Task directions: Everything from the line with "this 1125×1500 image." to the last line of the material below is what to reproduce, exactly and with no other lines.

Records to process:
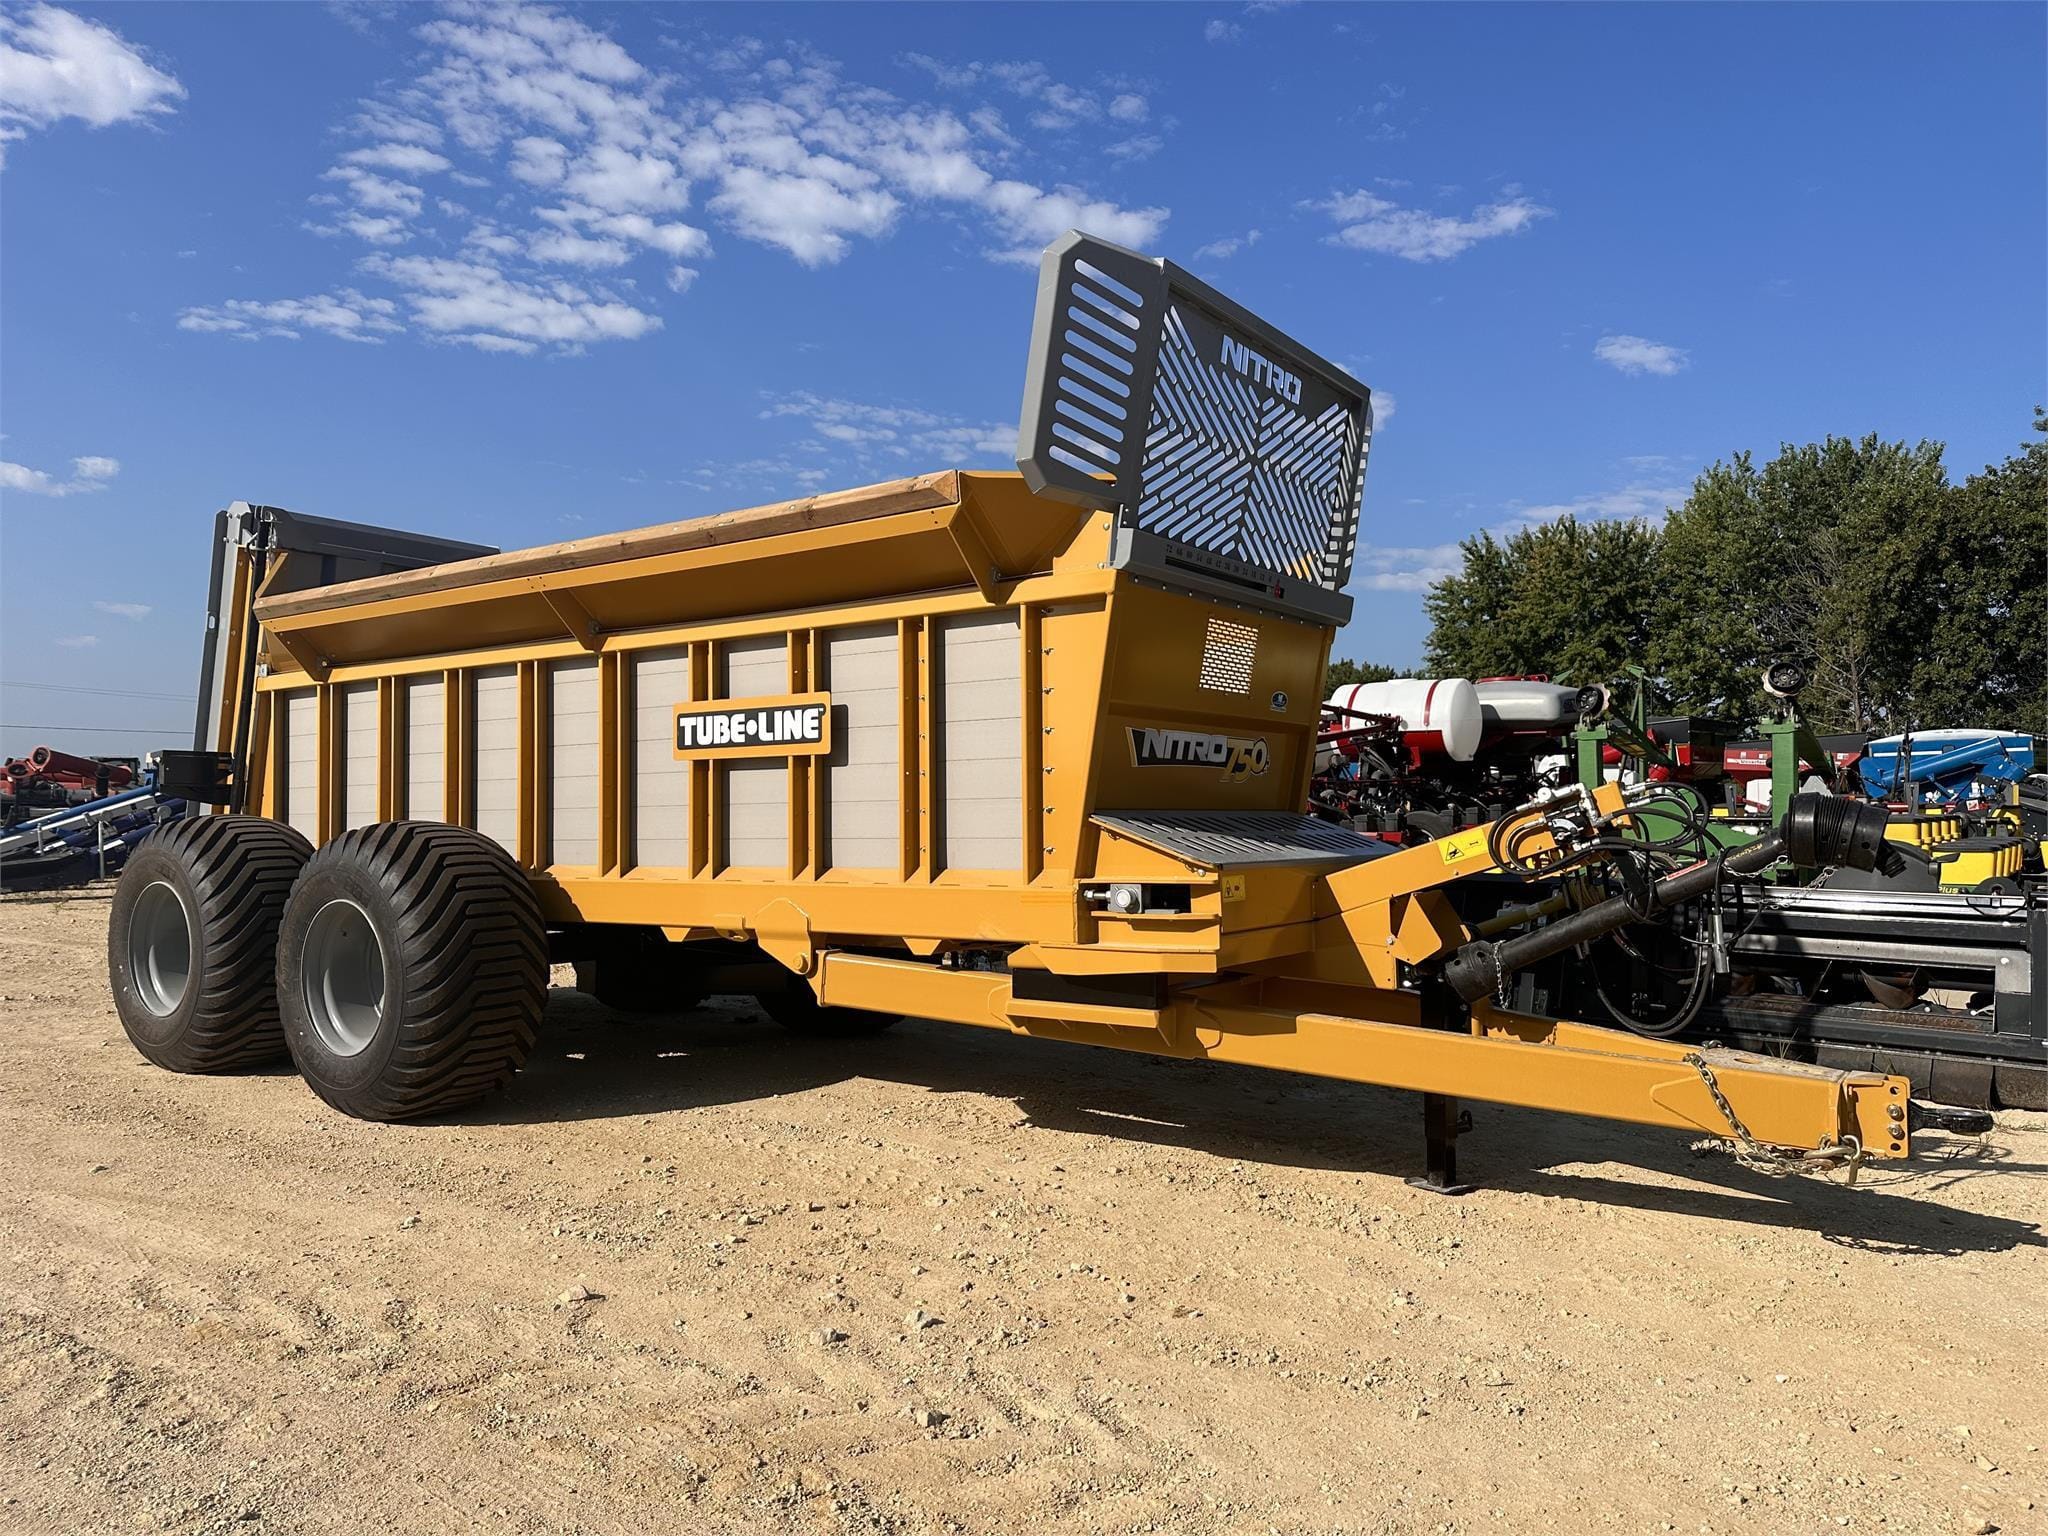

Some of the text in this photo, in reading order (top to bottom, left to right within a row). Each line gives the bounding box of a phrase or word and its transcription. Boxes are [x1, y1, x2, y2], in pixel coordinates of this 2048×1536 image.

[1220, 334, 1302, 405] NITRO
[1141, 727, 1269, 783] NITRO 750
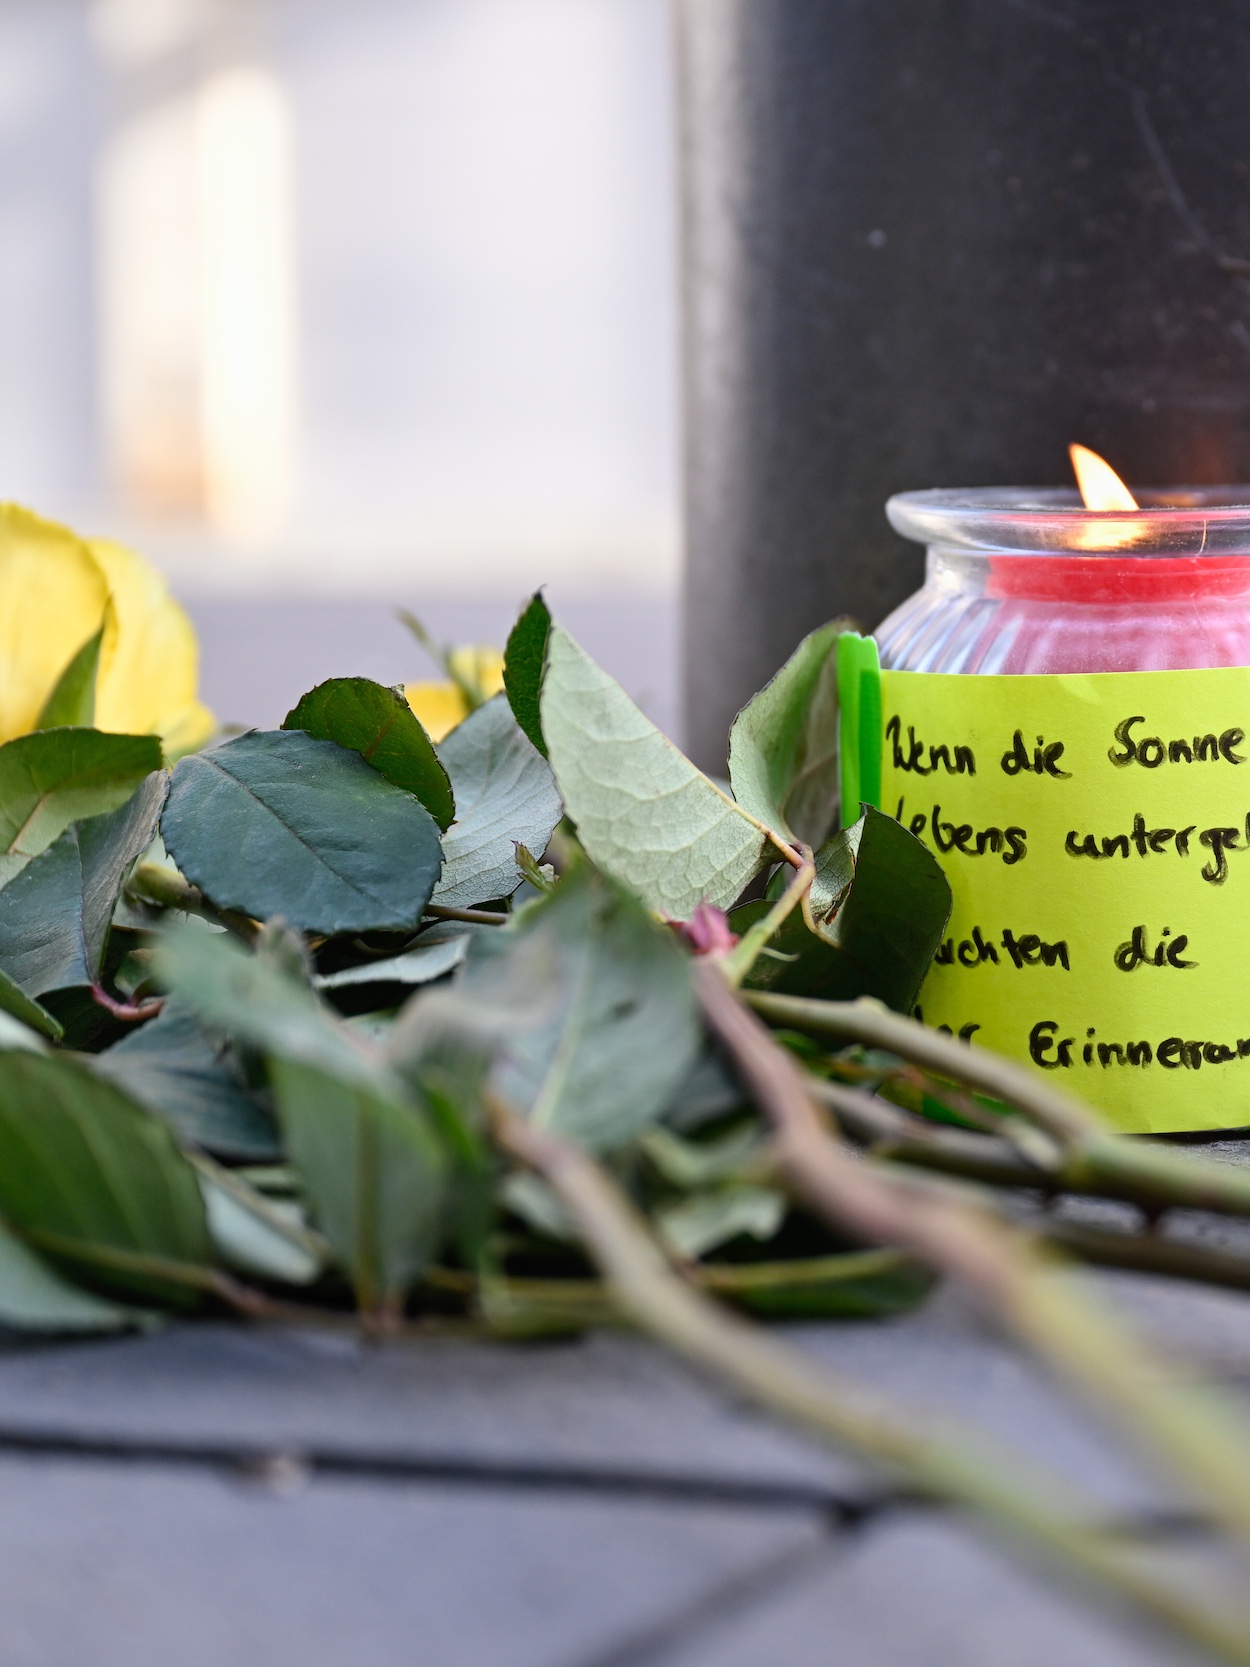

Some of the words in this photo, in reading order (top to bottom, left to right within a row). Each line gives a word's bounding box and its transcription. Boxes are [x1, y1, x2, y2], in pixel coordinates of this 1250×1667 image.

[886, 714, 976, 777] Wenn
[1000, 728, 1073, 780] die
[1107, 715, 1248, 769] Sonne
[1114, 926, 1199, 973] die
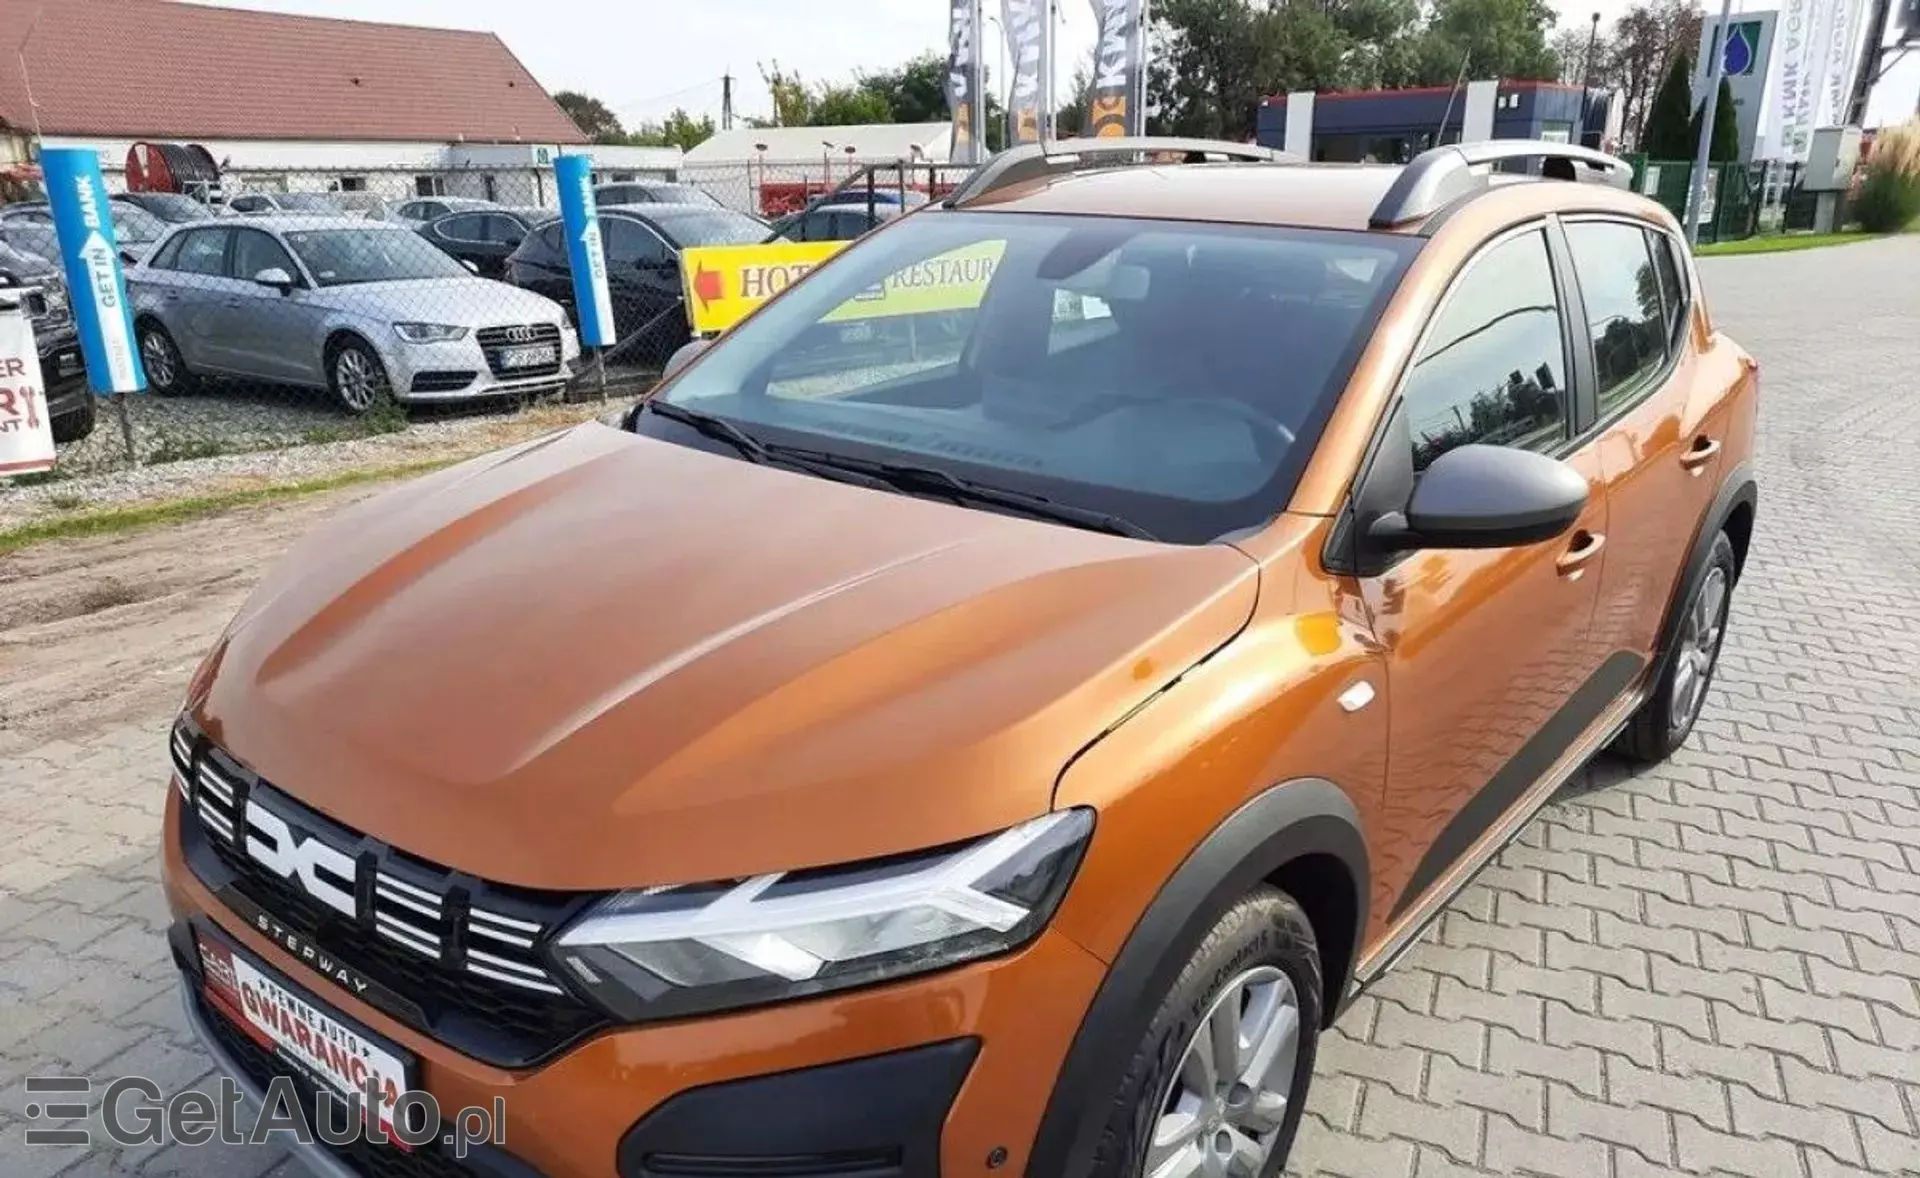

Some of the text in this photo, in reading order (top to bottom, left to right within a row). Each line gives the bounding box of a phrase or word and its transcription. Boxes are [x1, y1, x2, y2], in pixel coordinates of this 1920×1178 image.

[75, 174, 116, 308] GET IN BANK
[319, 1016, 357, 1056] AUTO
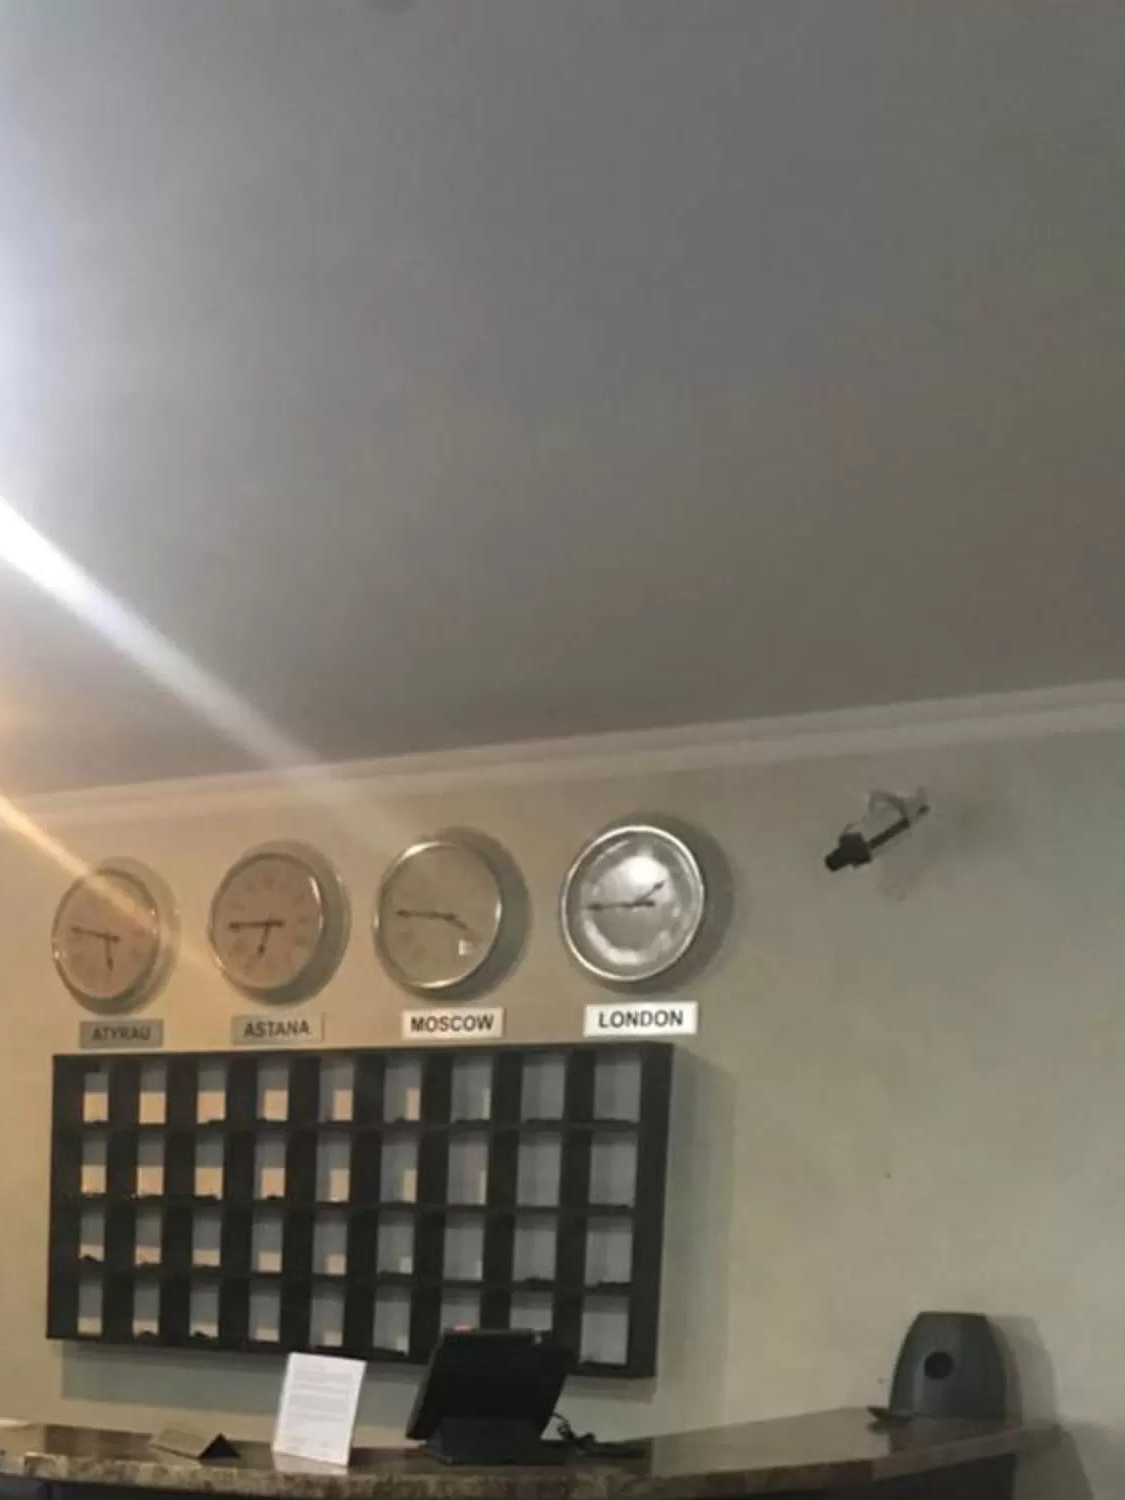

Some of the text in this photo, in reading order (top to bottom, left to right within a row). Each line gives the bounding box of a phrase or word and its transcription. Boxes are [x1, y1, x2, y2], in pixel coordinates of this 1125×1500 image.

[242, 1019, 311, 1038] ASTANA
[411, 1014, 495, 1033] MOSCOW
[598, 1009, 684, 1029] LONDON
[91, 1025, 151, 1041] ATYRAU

Answer to this task:
Some of the text in this photo, in reading order (top to bottom, left to right within a row). Each line gives the bounding box of a phrase or word and its transcription. Boxes are [x1, y1, x2, y2], in pixel coordinates of this 1125×1500 image.

[242, 1019, 311, 1038] ASTANA
[411, 1014, 495, 1033] MOSCOW
[598, 1009, 684, 1029] LONDON
[91, 1025, 151, 1041] ATYRAU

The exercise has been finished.